Physician Executive, Sept-Oct, 1990 by Richard M. Lauve

VPS, RBRVS, and BBC will combine in the long term to decrease the incomes of some specialties, and of all specialties in some geographic areas. The supply of some providers in some practice settings, particularly those with barriers to the entry of young competitors because of near-monopoly contracts, such as anesthesia, pathology, and radiology may be affected. If price decreases are perceived by providers as severe, and a 20-40 percent drop in income will be significant for any provider, pressures will develop within those specialties for new limitations on training, licensure, and credentialing of potential competitors. Providers will oppose BBC in the long run (especially if VPS allows increases in fees below overall inflation), but will have difficulty having this consumer subsidy repealed.

Effect on Consumers

The Medicare-eligible consumer will have no difficulty in evaluating BBC. This part of the reform will increase the perceived Medicare subsidy to the consumer and will expand demand for services. Contrary to the limited effect of BBC on most providers, most enrollees are likely to view any limitation on billings as at least potentially beneficial.

The Medicare consumer can be predicted to oppose VPS in the long term if the provider argument of decreasing access to care and eventual rationing under a budgeted restriction on the growth of Medicare axlej itures is correct. BBC has a tendency to increase demand while VPS tends to decrease supply, worsening the shortage. If demand outstrips supply significantly in the long run, "black market" provider sources of some type will develop.

Medicare enrollees are likely to be indifferent to RBRVS initially. This portion of payment reform is budget neutral to the enrollee. Any lowered payment for procedures will be offset by increased payment for primary care services.

Working consumers are more sensitive than retirees to limitations of access and convenience. Workers are also almost totally "blind" to health care costs because health care benefits are not taxed. Workers insured through employment benefits are unlikely to appreciate the savings realized from an expenditure-limiting program in benefits packages. The detrimental effect on access and convenience will lead to opposition to any effort to incorporate expenditure limits in worker's health care programs. Additional efforts by indemnity plans to encourage limits to balance billings are likely to be favored by the worker, as this portion of their health care expense is visible.

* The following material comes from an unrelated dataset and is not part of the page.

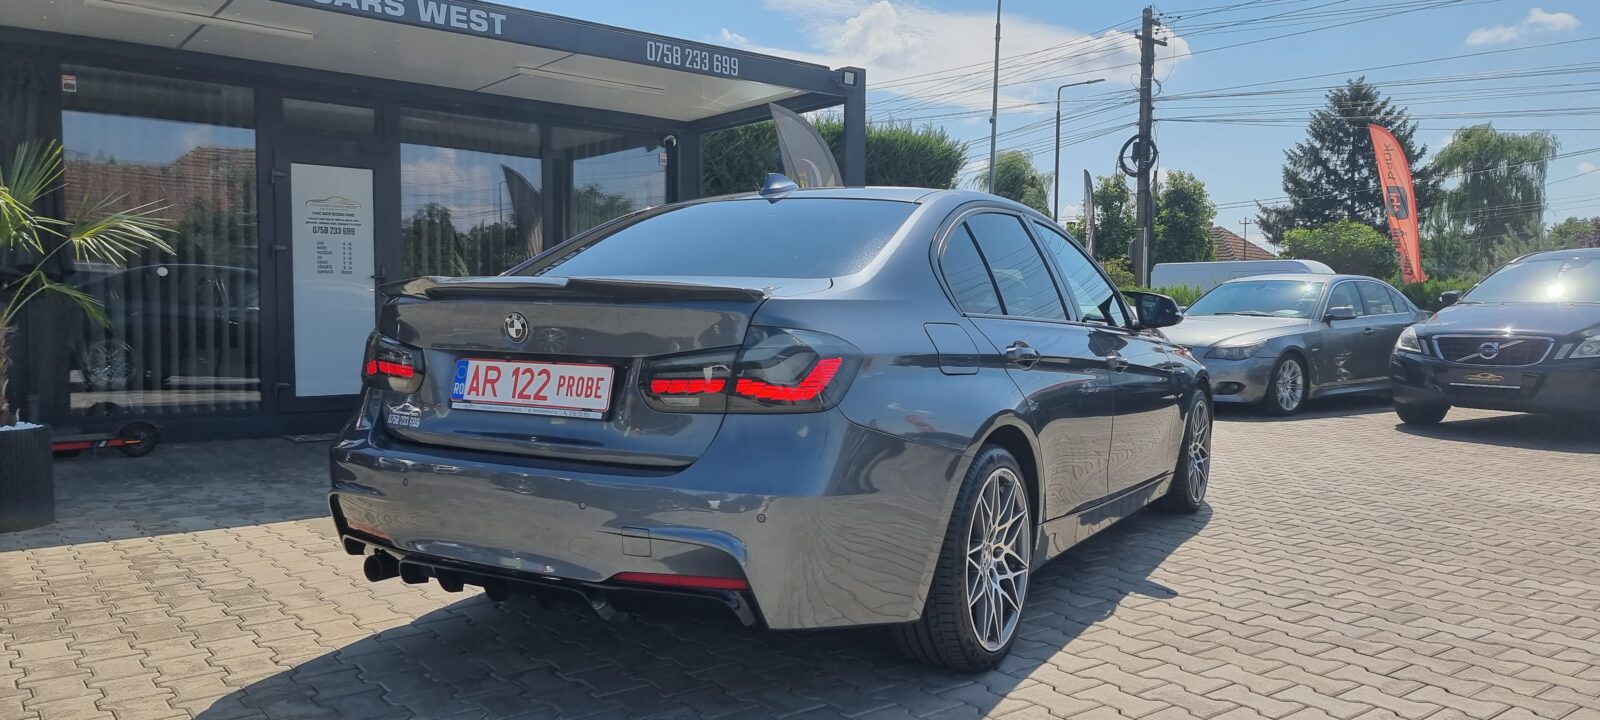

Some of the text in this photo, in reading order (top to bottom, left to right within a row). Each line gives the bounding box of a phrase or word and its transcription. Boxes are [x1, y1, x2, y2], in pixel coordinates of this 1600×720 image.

Any cost (or volume) shifting toward the working consumer that might result from the Medicare payment reform package would also be hidden from the insured worker. Workers will remain indifferent to volume limits, billing caps, and new fee schedules established solely in the Medicare sector.

Consumers as a whole will oppose VPS because of the supply limits implied in expenditure limits. BBC will be supported by consumers, and the caps will be difficult to withdraw once this "subsidy" has benefited the consumer. Consumers, similar to payers, will initially be indifferent to RBRVS, but increases in payment for some services by Medicare will stimulate demand for similar coverage by worker's plans. A modified RBRVS will therefore eventually be demanded by the working consumer.